= Work to be completed =
Transcribe, exactly and in full, every record shown below, while omitting its images.

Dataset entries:
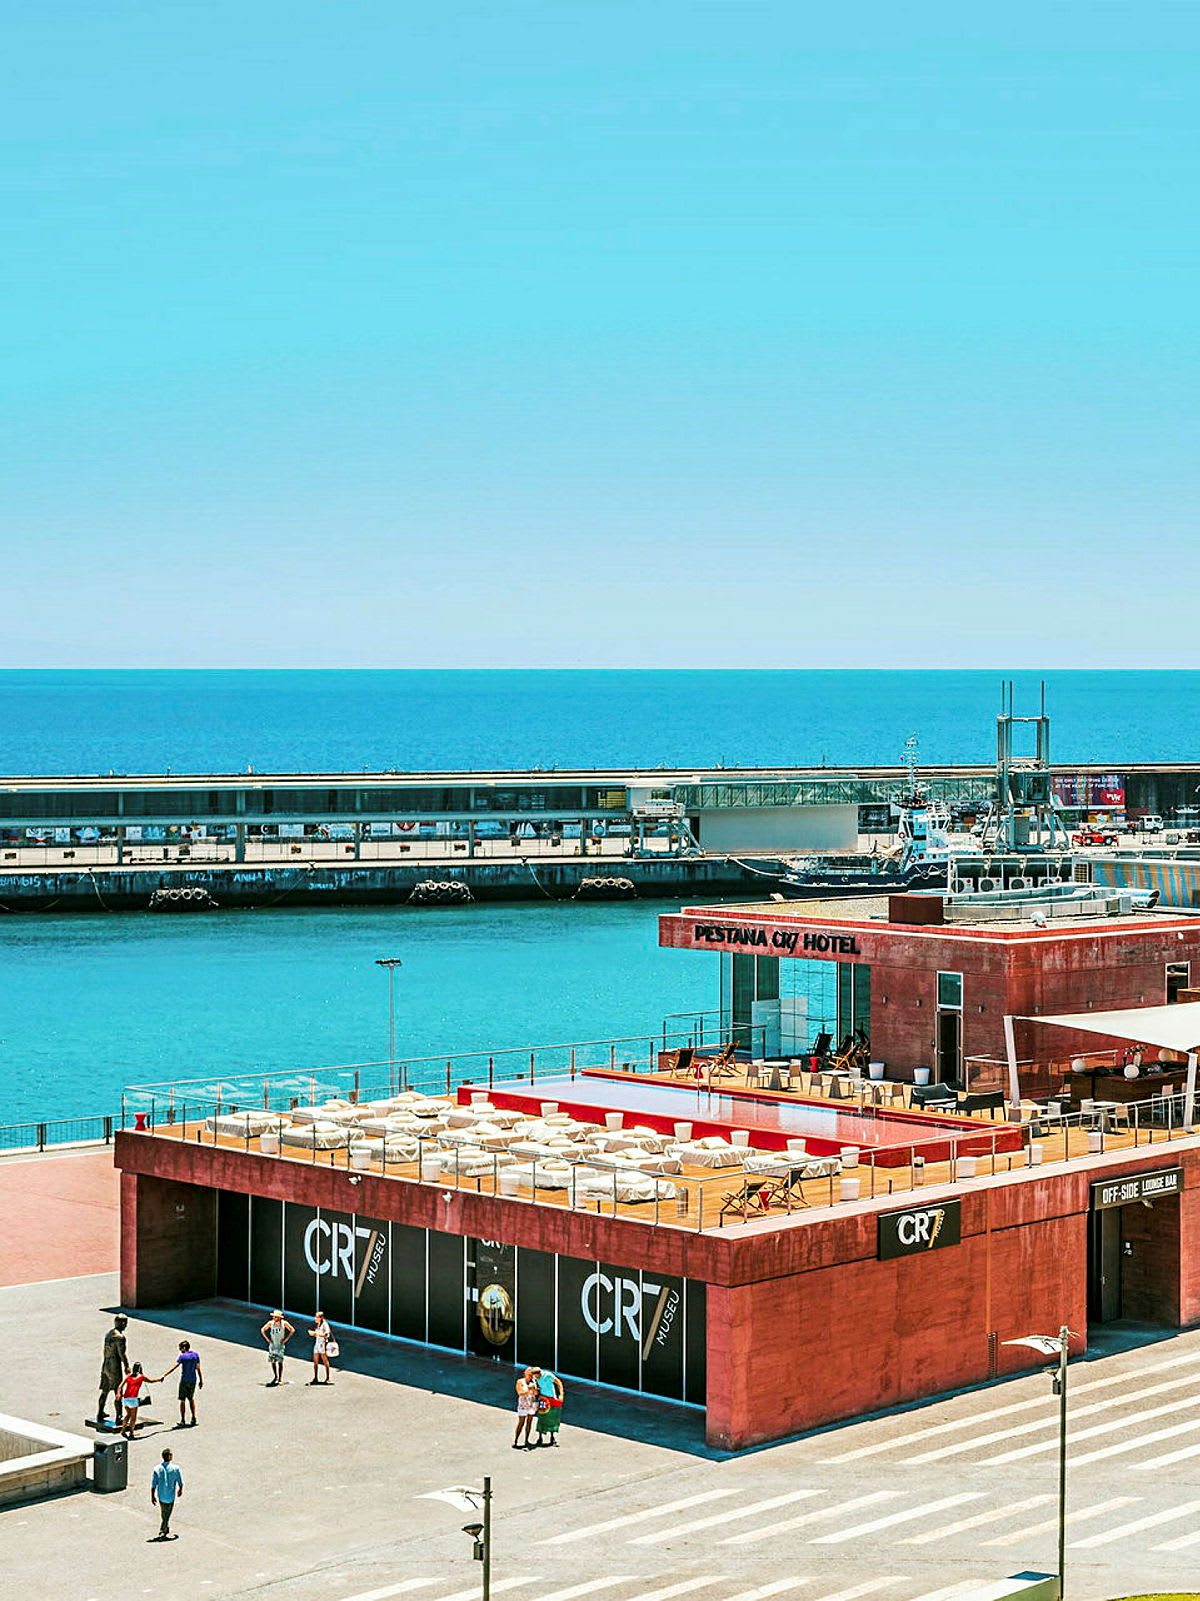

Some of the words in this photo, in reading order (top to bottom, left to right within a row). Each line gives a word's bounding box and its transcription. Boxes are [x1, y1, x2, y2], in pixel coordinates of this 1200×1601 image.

[695, 925, 767, 947] PESTANA
[772, 931, 799, 954] CR7
[803, 933, 861, 955] HOTEL
[1103, 1182, 1139, 1204] OFF-SIDE
[1142, 1177, 1164, 1191] LOUNGE
[1165, 1174, 1177, 1187] BAR
[897, 1209, 943, 1248] CR7
[304, 1218, 378, 1298] CR7
[366, 1233, 386, 1284] MUSEU
[581, 1273, 670, 1361] CR7
[656, 1290, 680, 1346] MUSEU

= Completed exercise =
Some of the words in this photo, in reading order (top to bottom, left to right within a row). Each line gives a word's bounding box and its transcription. Boxes are [x1, y1, x2, y2], in pixel coordinates of this 1200×1601 image.

[695, 925, 767, 947] PESTANA
[772, 931, 799, 954] CR7
[803, 933, 861, 955] HOTEL
[1103, 1182, 1139, 1204] OFF-SIDE
[1142, 1177, 1164, 1191] LOUNGE
[1165, 1174, 1177, 1187] BAR
[897, 1209, 943, 1248] CR7
[304, 1218, 378, 1298] CR7
[366, 1233, 386, 1284] MUSEU
[581, 1273, 670, 1361] CR7
[656, 1290, 680, 1346] MUSEU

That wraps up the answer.